The above figure displays average precision/recall curve, recall/false positives, and a sample image of detected faces, respectively. The average precision only reaches 44.6%, in contrast to the provided vl_feat hog features. The sample image shows detected faces. Though all faces are found, a number of false positives are also reported.

Implemented HoG Cell-Size of 4 (Grad. Credit)

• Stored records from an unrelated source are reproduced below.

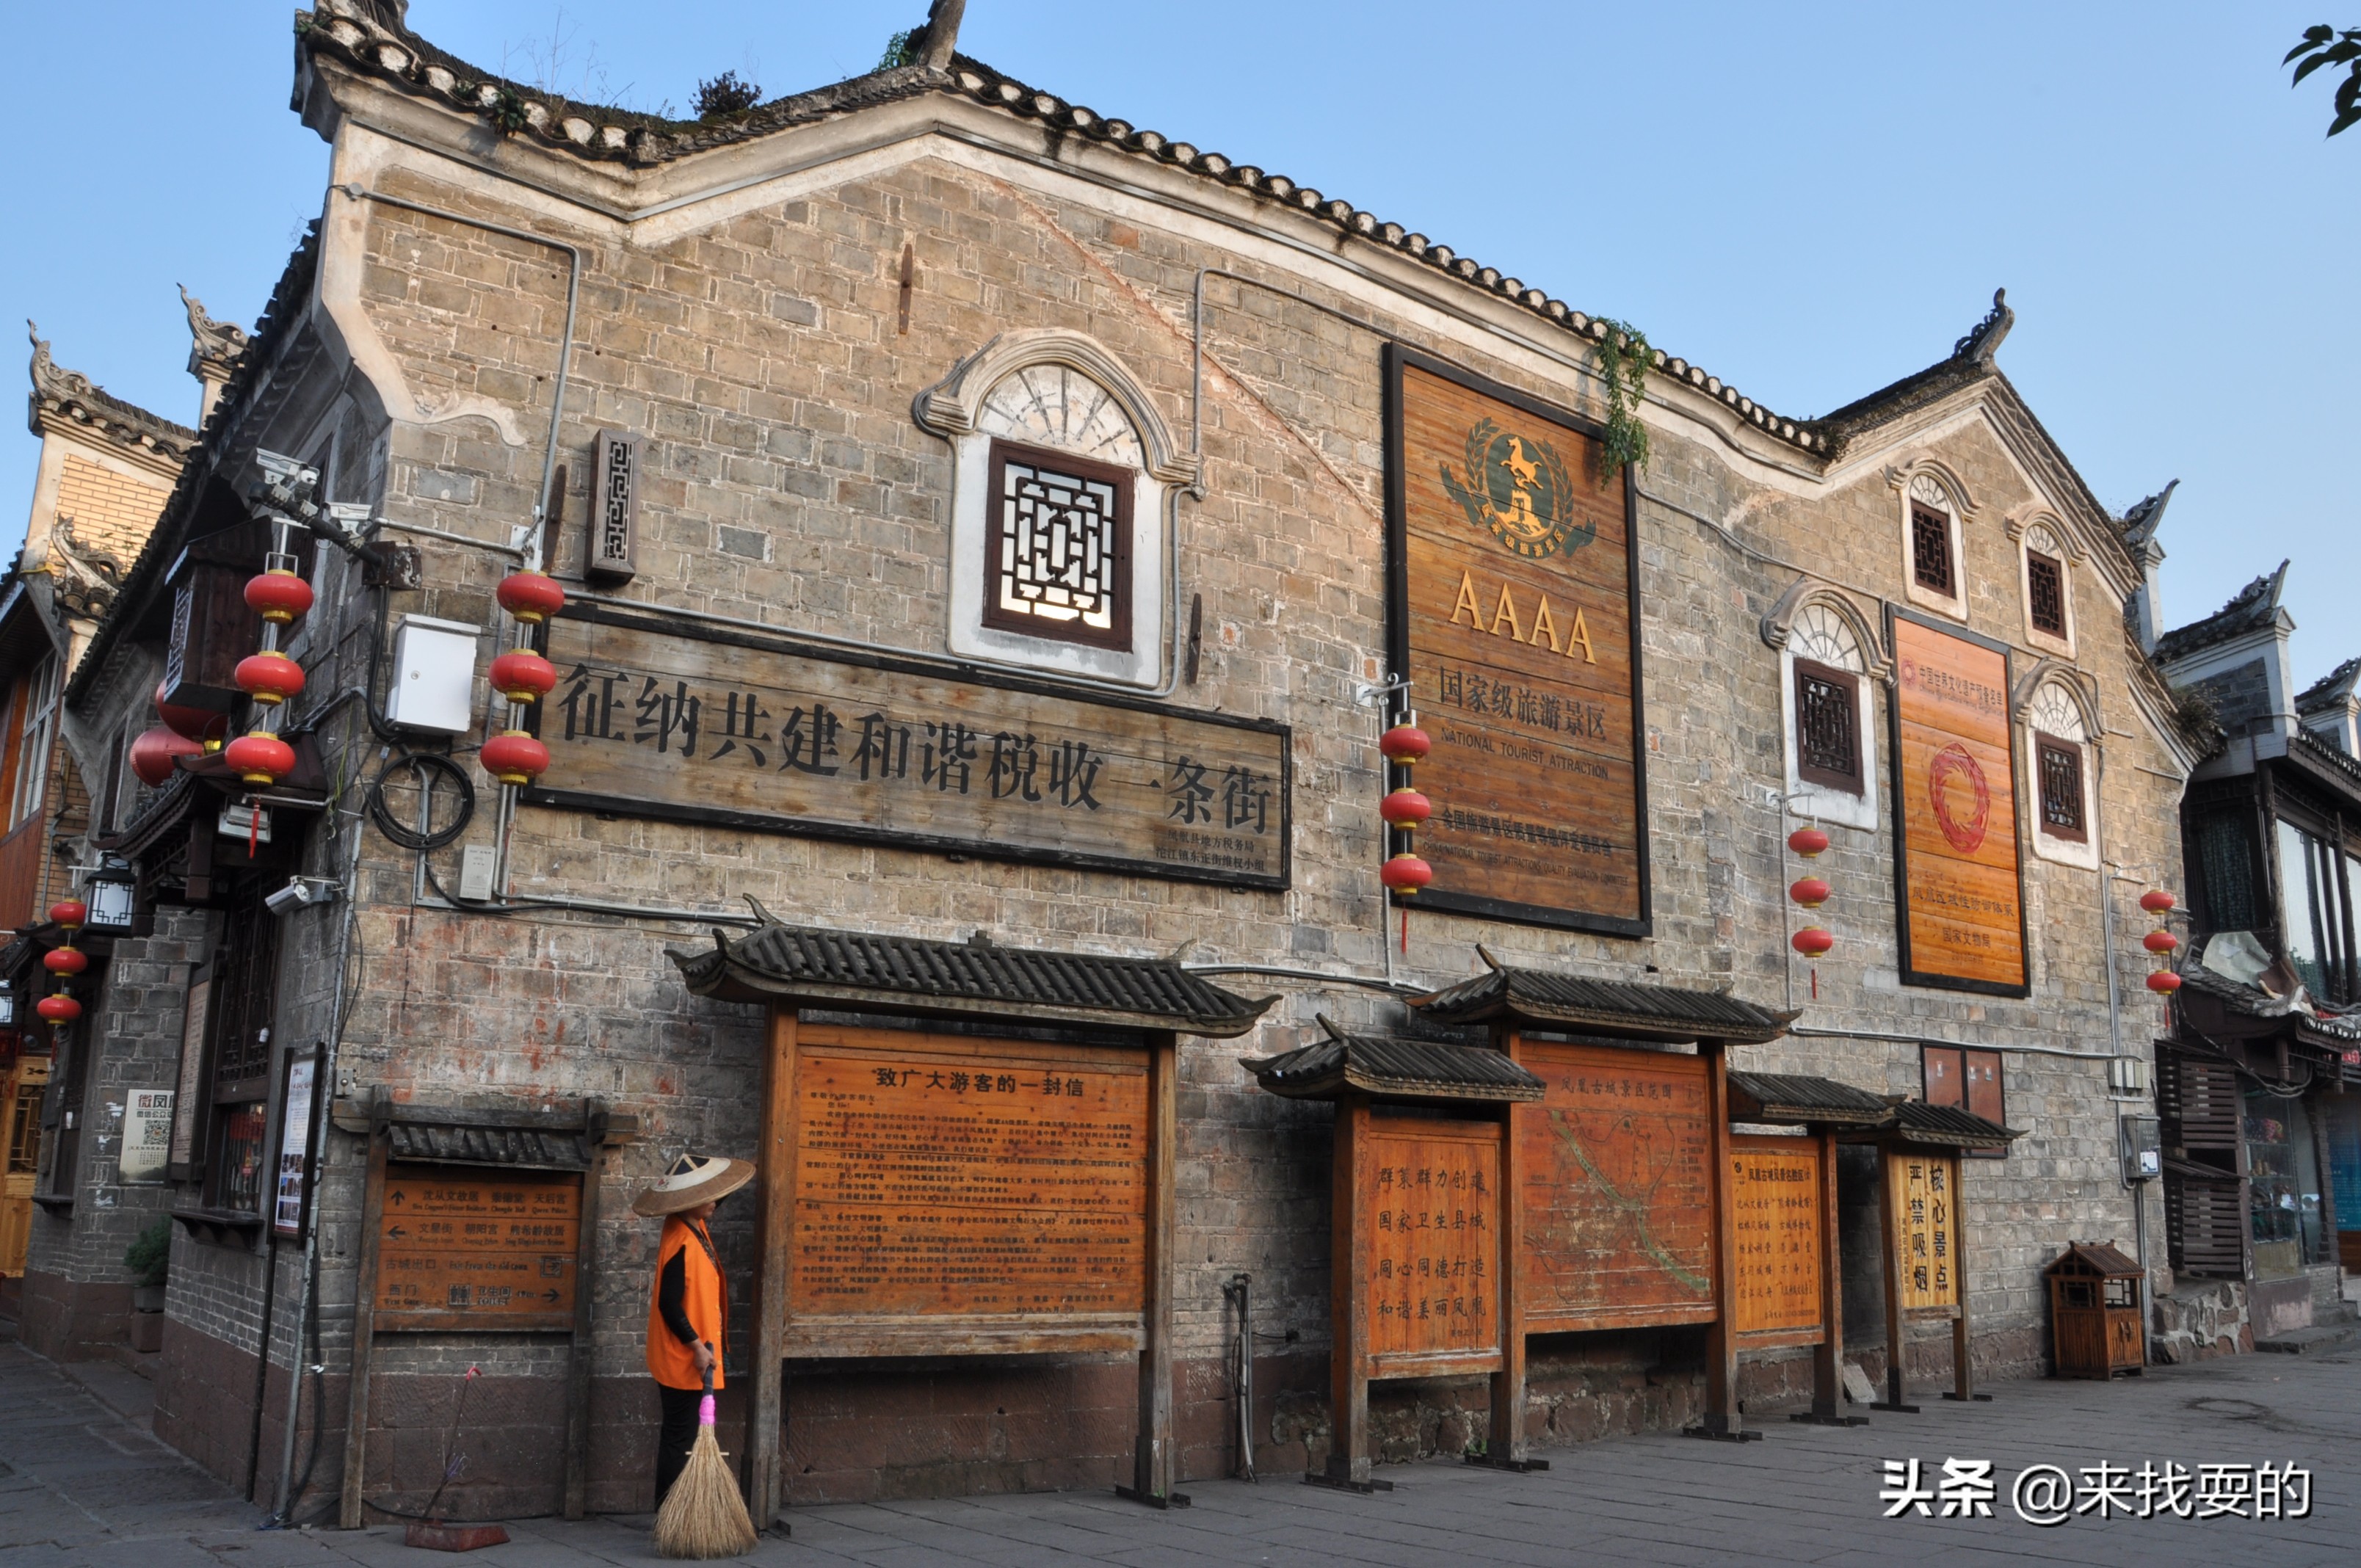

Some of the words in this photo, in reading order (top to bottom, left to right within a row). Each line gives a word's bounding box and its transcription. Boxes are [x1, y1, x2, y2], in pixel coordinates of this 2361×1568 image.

[1449, 570, 1596, 664] AAAA
[1440, 665, 1607, 741] 国家级旅游景区
[558, 663, 1272, 835] 征纳共建和谐税收一条街
[1441, 727, 1495, 753] NATIONAL
[1501, 741, 1544, 764] TOURIST
[1549, 755, 1609, 780] ATTRACTION
[1168, 830, 1255, 853] 凤凰县地方税务局
[1942, 927, 1992, 949] 国家文物局
[875, 1067, 1084, 1097] 致广大游客的一封信
[138, 1094, 173, 1108] 微凤
[1378, 1167, 1487, 1193] 群策群力创建
[423, 1189, 479, 1202] 沈从文故居
[1378, 1210, 1487, 1233] 国家卫生县城
[1909, 1164, 1928, 1292] 严禁吸烟
[1929, 1164, 1948, 1291] 核心景点
[386, 1257, 437, 1271] 古城出口
[1379, 1255, 1487, 1280] 同心同德打造
[389, 1283, 418, 1296] 西门
[476, 1285, 512, 1297] 卫生间
[1377, 1296, 1487, 1321] 和谐美丽凤凰

In this section, we display the results for our implemented HoG descriptor. Overall, it was much slower than the vl_feat hog descriptor and did not provide the same average precision results. Though, the precision drop is most likely related to the lack of parameter tuning within the HoG descriptor retriever function. For a cell size of 4, the SVM weights and HoG visulization are displayed in the figure below.

Example weights learned by SVM and visualized HoG face detector. An interesting outcome of this process is that the visualized SVM weights look like the outline of a face.

Utilizing these learned weights, the sliding window detector was run over the series of provided images. At this cell size, we achieved an average precision of 64.5%. The average precision and recall curve are displayed below, along with a sample image of detected faces.

The above figure displays average precision/recall curve, recall/false positives, and a sample image of detected faces, respectively. The average precision only reaches 64.5%, in contrast to the provided vl_feat hog features. The sample image shows detected faces. Though all faces are found, a number of false positives are also reported.

Implemented HoG Cell-Size of 3 (Grad. Credit)

In this section, we display the results for our implemented HoG descriptor. Overall, it was much slower than the vl_feat hog descriptor and did not provide the same average precision results. Though, the precision drop is most likely related to the usage of 10,000 negatives samples, rather than the 30,000 used in the vl_hog feature mining. For a cell size of 3, the SVM weights and HoG visulization are displayed in the figure below.

Example weights learned by SVM and visualized HoG face detector. An interesting outcome of this process is that the visualized SVM weights look like the outline of a face.

Utilizing these learned weights, the sliding window detector was run over the series of provided images. At this cell size, we achieved an average precision of 65.6%. The average precision and recall curve are displayed below, along with a sample image of detected faces.

The above figure displays average precision/recall curve, recall/false positives, and a sample image of detected faces, respectively. The average precision only reaches 65.6%, in contrast to the provided vl_feat hog features. The sample image shows detected faces. Though all faces are found, a number of false positives are also reported.

Conclusion

In this work, we utilized a sliding window approach and SVM to detect faces in a static scene. By randomly mining negative features, using HoG features, and scaling the image repeatedly, a high average precision was obtained for this detector. The graduate credit portions for this assignment included a neural network classifier in MATLAB and an implementation of the HoG features.